Billy was born and has lived in that area his whole life.. He may know more about the local area and fishing than most people. Alexandra moved to that area 20 some years ago to study whales(Orca). She has spent most of her days out on the water researching whales and now salmon.

When the fish farms moved in, they placed the farms in locations that require the returning salmon and the sea bound smolts to pass the farms. That is where the smolts pick up the lice.

Fish farms draw seals and sea lions due to the easy food supply. To scare the seals away, the farms started using extremely loud underwater sound machines. The sound did scare the seals and also drove the Orcas out of the Broughtons.

After the whales left, Alexandra began investigating the decline in the Pink salmon runs.

She netted smolts from both above and below the farms and had the fish analysed in labs. The results show that the sea lice were being picked up as the smolts pass the farms. She has been trying to get the Canada Dept of Fisheries to take notice and move the farms. The Dept of Fisheries has been stonewalling her and denying the research for years now.

By the way, fish farms do not provide much employment. Five low paid jobs per farm is not doing much to help the area locals. The farms are owned by foreign corporations and the profits do not go into the local community.

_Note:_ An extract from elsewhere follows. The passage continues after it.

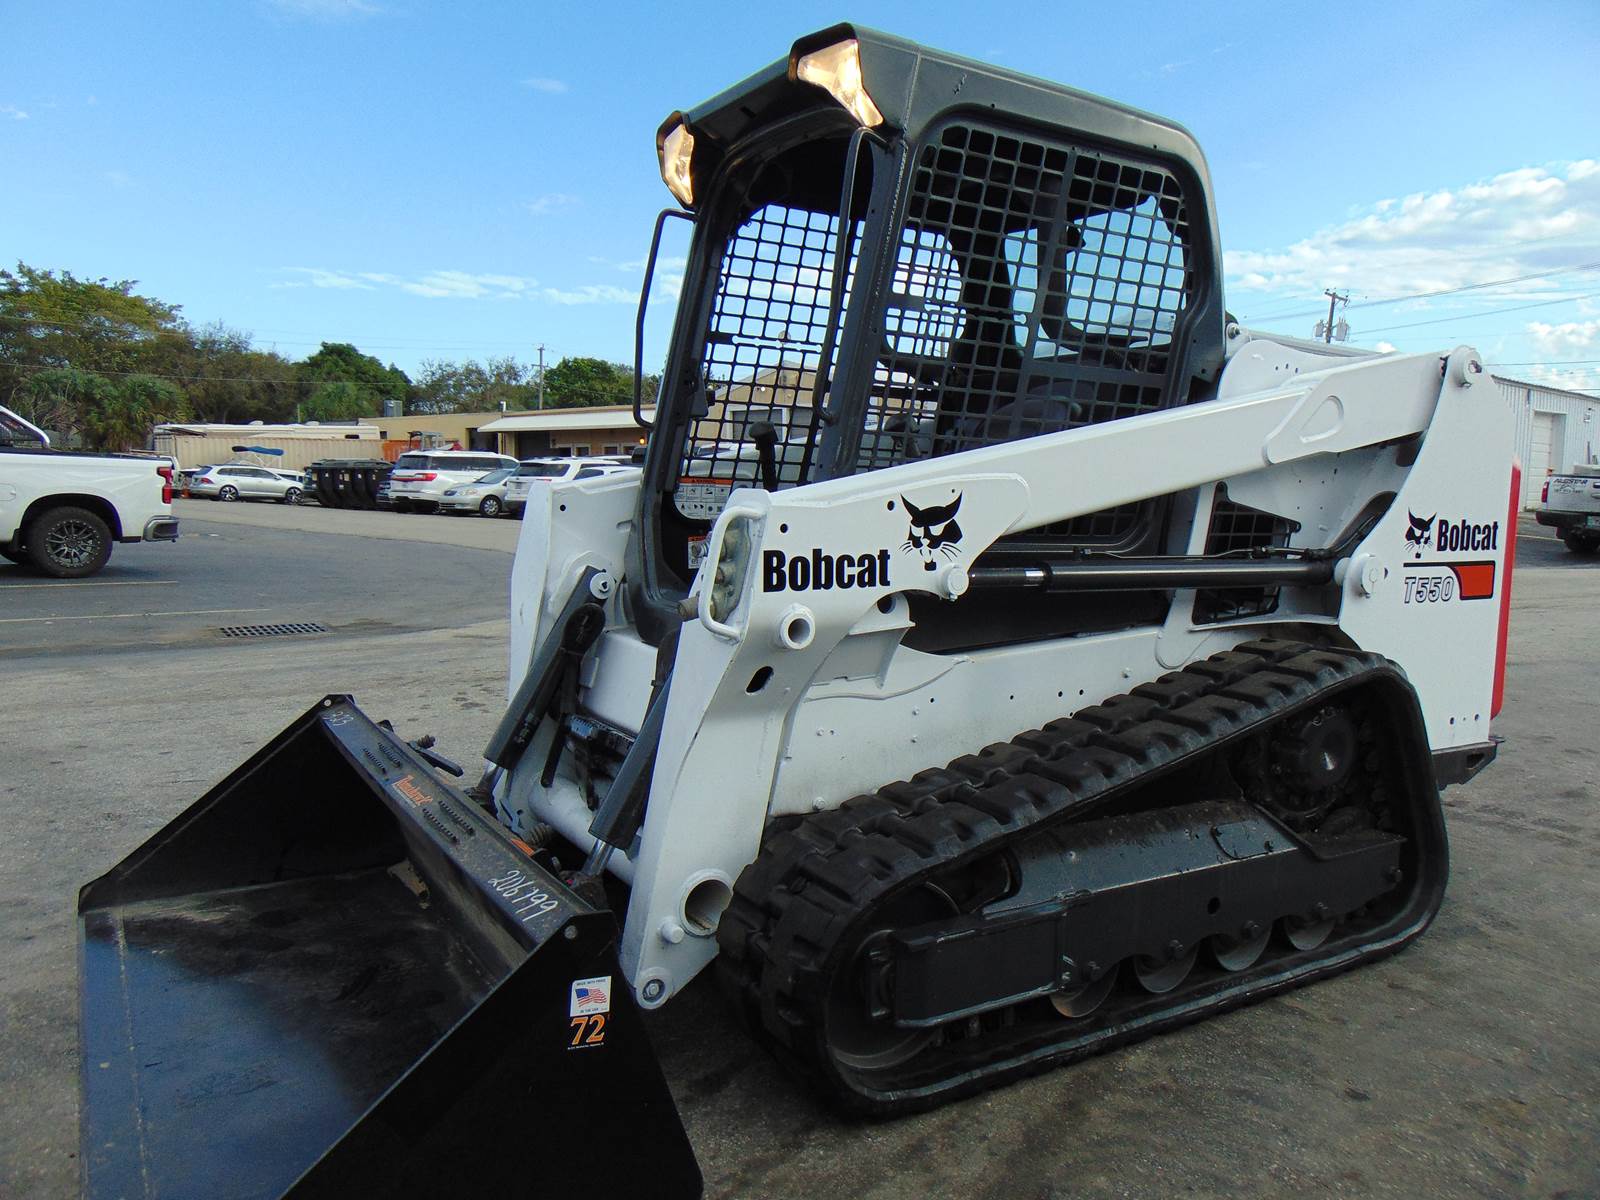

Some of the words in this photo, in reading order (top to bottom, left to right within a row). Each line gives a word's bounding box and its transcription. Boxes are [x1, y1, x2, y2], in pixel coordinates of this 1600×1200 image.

In more that 25 years of cruising the coast, I have seen commercial fishing decline so that many fisherman can no longer support his family by fishing. Ask an ex-commercial fisherman if he want to go from say $100,000 per year fishing to $10.00 per hour tending a fish farm. (That $100,000 from the fisherman would go back into the local economy, fish farm profits do not.)

By the way, can anyone document the 80% figure mentioned many pages ago in this thread?

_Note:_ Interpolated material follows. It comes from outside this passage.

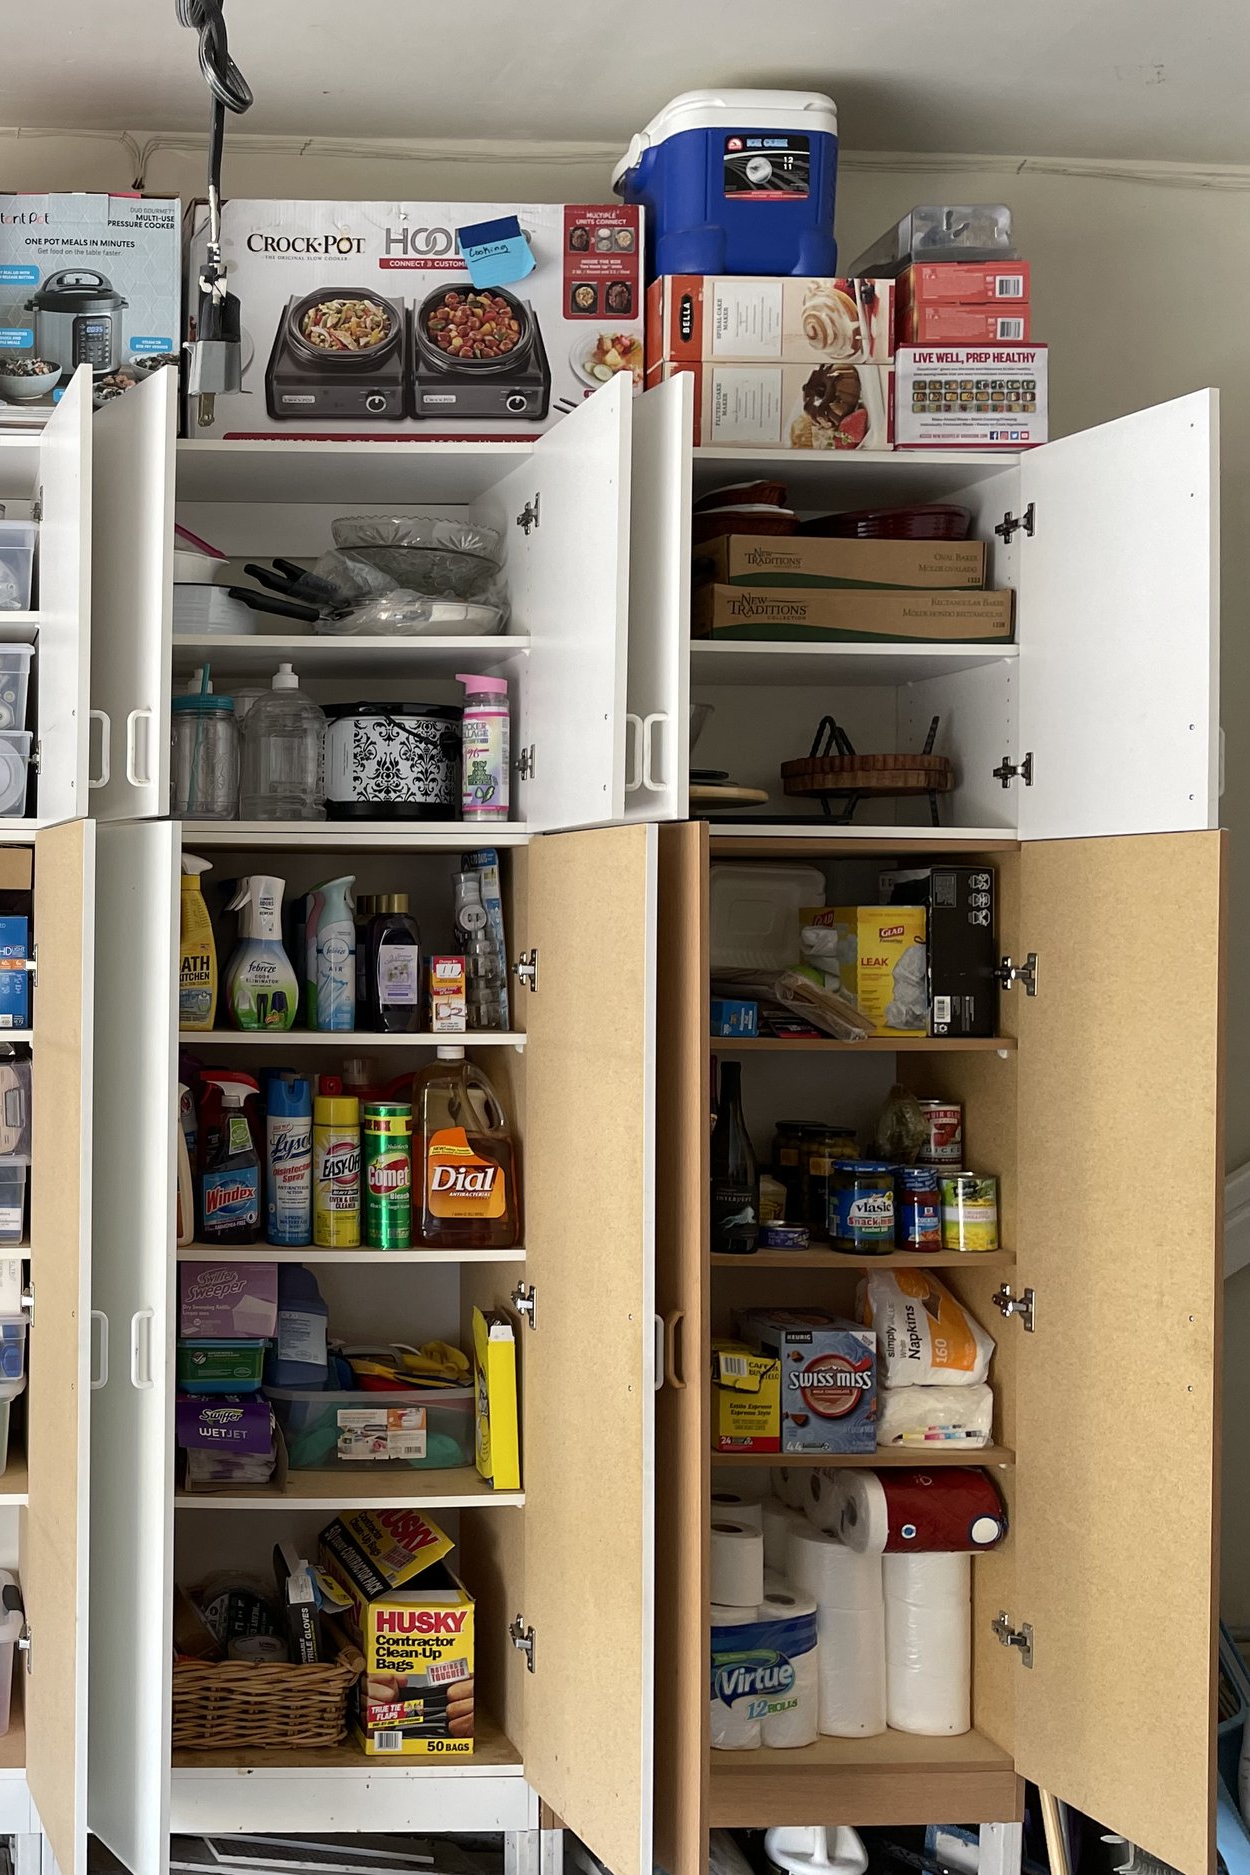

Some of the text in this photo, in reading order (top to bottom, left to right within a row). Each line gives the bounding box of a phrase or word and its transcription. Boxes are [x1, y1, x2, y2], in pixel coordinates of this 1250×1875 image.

Many folks who don't eat farmed salmon, avoid farm fish because the fish itself is not very good.

Good Boatin' to yah!
 
Well spoken points Dan, see guys there are some smart fellers in Alaska!
Did I say that right?
It doesn't matter what the subject matter, it's in our nature to see the glass either half empty or half full. As is most always the case these sensitive issues can be divided into the idealistic camp or the realistic camp. Like it or not, you fit somewhere. What should happen is not always going to happen etc. Life is not fair either, what's going to happen IS going to happen and all the passion in the world will not affect the outcome one bit. You win some, you loose some bla bla bla.

Maybe we need to develope some sort of a game where brats pair off into two or more teams and keep score. Next week the winning team would play a contender and at the end of the season we would know all the truth and would have fixed all the worlds problems. Not being bright enough to participate in heated debate, maybe I could be a referee?
Mike
 
I would respectfully remind everyone that we can get as philosophical as we like. Dosen't change the fact that the sea lice on wild salmon is causing a problem. Now what do we do about it?


regards
ryder
 
Interesting discussion. I learned a lot about Salmon fisheries the 3 years we were cruising AK--and the average person in the US and Canada knows practically nothing about it. I suspect that it would take political will to change the mechanism of fish farming, considering the huge profit margin. Even the best of science (and I agree that most of us know practically nothing about salmon behavior and stock depleation--except that the fisheries were in trouble long before fish farming) will not solve the problems of fish farming.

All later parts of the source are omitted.